Cell Biology, Neurobiology & Anatomy

Research area: The role of HNF1 in the liver development

Hepatocyte nuclear factors (HNFs) are a subfamily of transcription factors that regulate cell differentiation especially during developmental process. In previous studies by the Duncan Lab, loss of HNF4 in the developing liver prevents the differentiation of hepatocytes and causes liver failure. HNF family proteins are reported to coordinately regulate gene expression; therefore, the expression of other transcription factors could rescue the failures caused by HNF4 deficiency. The expression of HNF1 is transcriptionally regulated by HNF4 and HNF1 is also an important regulator of liver development. Since several HNF4 target genes are overlapped by HNF1and expression of HNF1 is lost in HNF4-/- livers, we proposed that forcing expression of HNF1 in the HNF4-/- liver will rescue the failure of liver function in HNF4-/- mice.

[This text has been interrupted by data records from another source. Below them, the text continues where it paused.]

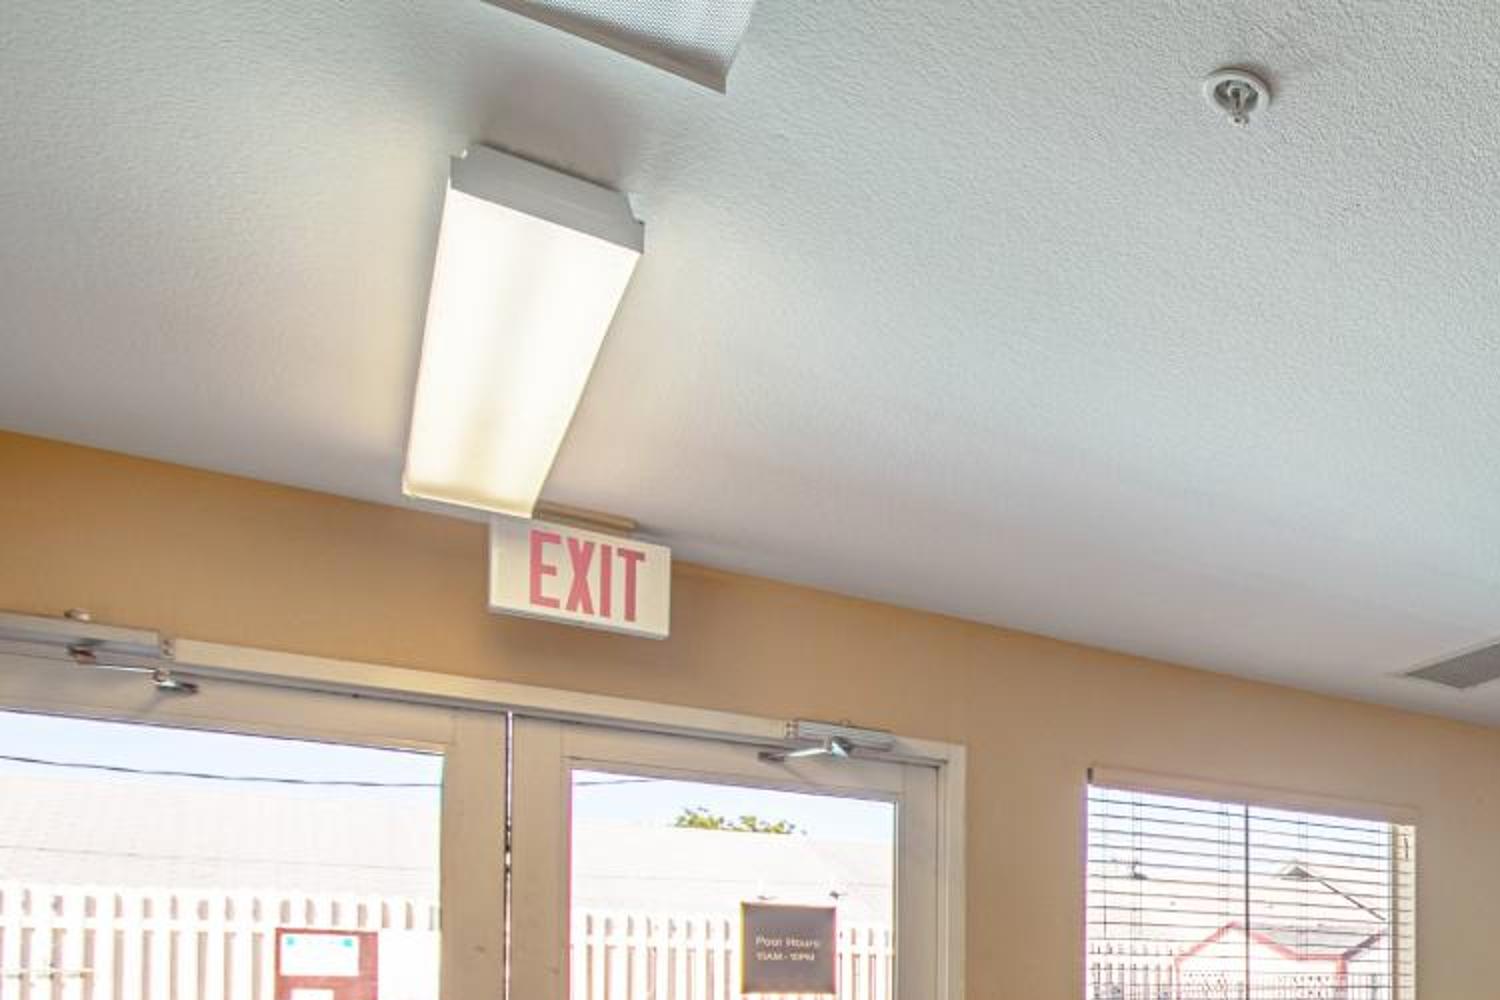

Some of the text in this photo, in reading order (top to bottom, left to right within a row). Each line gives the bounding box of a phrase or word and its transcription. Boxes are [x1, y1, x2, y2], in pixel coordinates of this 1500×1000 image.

[529, 530, 646, 622] EXIT
[755, 936, 820, 949] Pool Hours
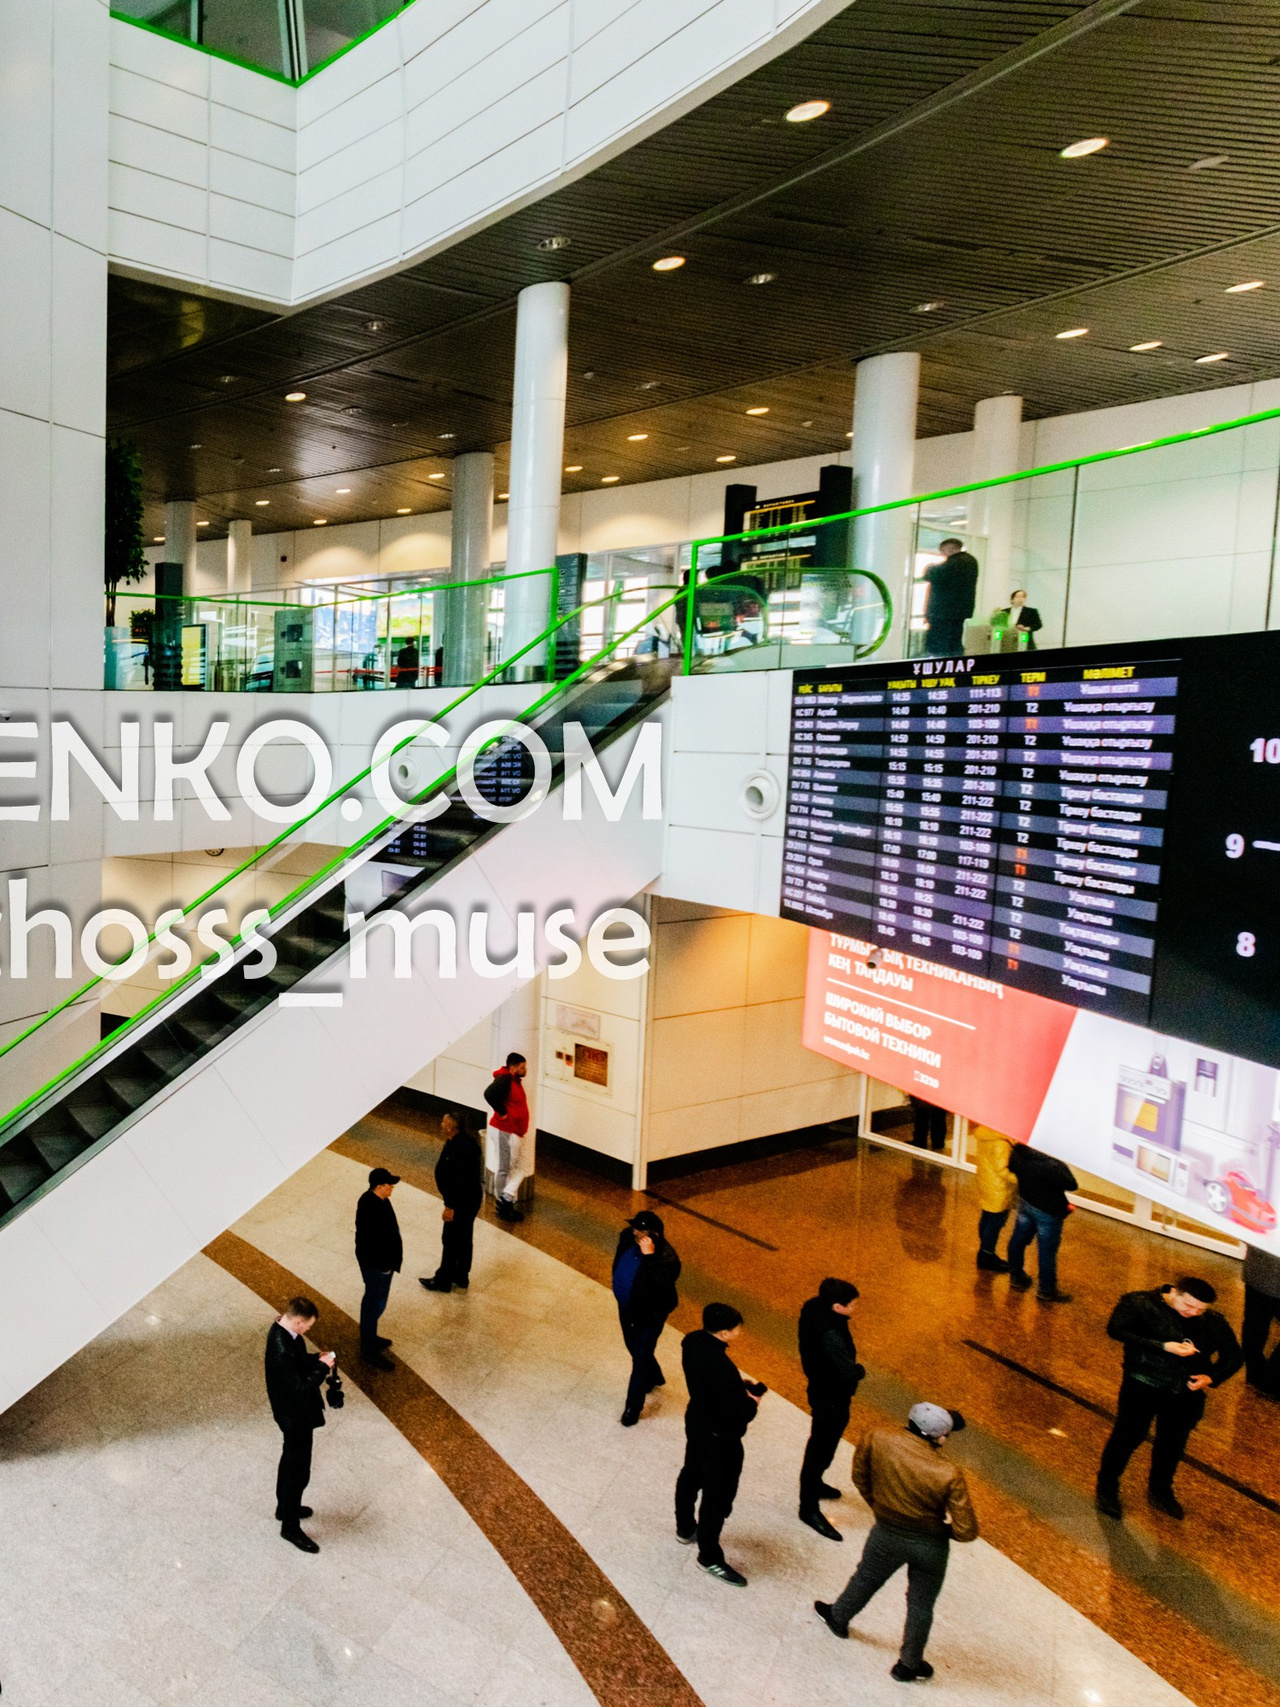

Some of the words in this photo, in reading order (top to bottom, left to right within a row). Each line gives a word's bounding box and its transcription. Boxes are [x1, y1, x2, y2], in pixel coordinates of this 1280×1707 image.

[968, 703, 1000, 714] 201-210
[966, 734, 998, 745] 201-210
[964, 764, 996, 776] 201-210
[961, 795, 994, 807] 211-222
[959, 825, 992, 838] 211-222
[1225, 833, 1245, 859] 9
[958, 855, 989, 869] 117-119
[954, 884, 987, 900] 211-222
[952, 914, 985, 930] 211-222
[951, 944, 983, 960] 103-109
[1236, 931, 1256, 958] 8
[828, 953, 851, 975] КЕҢ
[825, 991, 884, 1025] ШИРОКИЙ
[885, 1012, 932, 1040] ВЫБОР
[824, 1011, 880, 1044] БЫТОВОЙ
[881, 1032, 942, 1068] ТЕХНИКИ

In this study, I will therefore determine whether forced expression of HNF1 rescue the expression of genes that are suppressed in HNF4-/- liver.

Analysis of cell-cell adhesion system on maintenance of embryonic stem cell pluripotency
Cadherins are calcium-dependent homophilic cell-cell adhesion molecules. Tissue-specific expression of cadherin molecules is required for cell sorting and recognition during embryogenesis, and for preserving tissue architecture. E-Cadherin is one of the archetypal cadherin families essential for epithelialization of the early mouse embryo, cell rearrangement, tissue morphogenesis, establishment of cell polarity, and maintenance of tissue architecture. Although many different cadherin molecules are expressed during developmental differentiation, E-cadherin is expressed not only by differentiated epithelial cells but also by the early embryo and by many stem cells. The role of E-cadherin is not restricted to the maintenance of cell adhesion during embryogenesis. It is also critical for compaction, cell rearrangement, and cell recognition for tissue organization during differentiation of stem cells.

Embryonic stem (ES) cells and embryonal carcinoma (EC) cells have a potency to differentiate into multi-lineage type of cells; therefore, they are used for a research of developmental biology and regenerative medicine. Previously, we reported that murine embryonic undifferentiated cells show different behaviors from somatic cells on surfaces coated with the E-cadherin, suggesting that undifferentiated cells could have a different regulation system of E-cadherin-mediated cell-cell adhesion. I would like to analyze the mechanism of cell-cell adhesion systems in embryonic stem cells and clarify the function of E-cadherin during early development.

Training / Education

2000-2003 Ph.D., Tokyo Institute of Technology, Japan
2003-2007 Research Associate, Tokyo Institute of Technology, Japan

Publications

Nagaoka, M., Ise, H., Harada, I., Koshimizu, U., Maruyama, A., Akaike, T. Embryonic undifferentiated cells show scattering activity on a surface coated with immobilized E-cadherin. J. Cell. Biochem., in press.

Sugiura, M., Nagaoka, M., Yabuuchi, H., Akaike, T. Overexpression of MCT8 enhances the differentiation of ES cells into neural progenitors. Biochem. Biophys. Res. Commun., 360, 741-745, 2007.

Nagaoka, M., Koshimizu, U., Yuasa, S., Hattori, F., Chen, H., Tanaka, T., Okabe, M., Fukuda, K., Akaike, T. E-cadherin-coated plates maintain pluripotent ES cells without colony formation. PLoS ONE, 1, e15, 2006.

Ogiwara, K., Nagaoka, M., Cho, C.S., Akaike, T. Effect of photo-immobilization of epidermal growth factor on the cellular behaviors. Biochem. Biophys. Res. Commun., 345, 255-259, 2006.

Nagaoka, M., and Akaike, T. Single amino acid substitution in the mouse IgG1 Fc region induces drastic enhancement of the affinity to protein A. Protein Eng. 16, 243-245, 2003.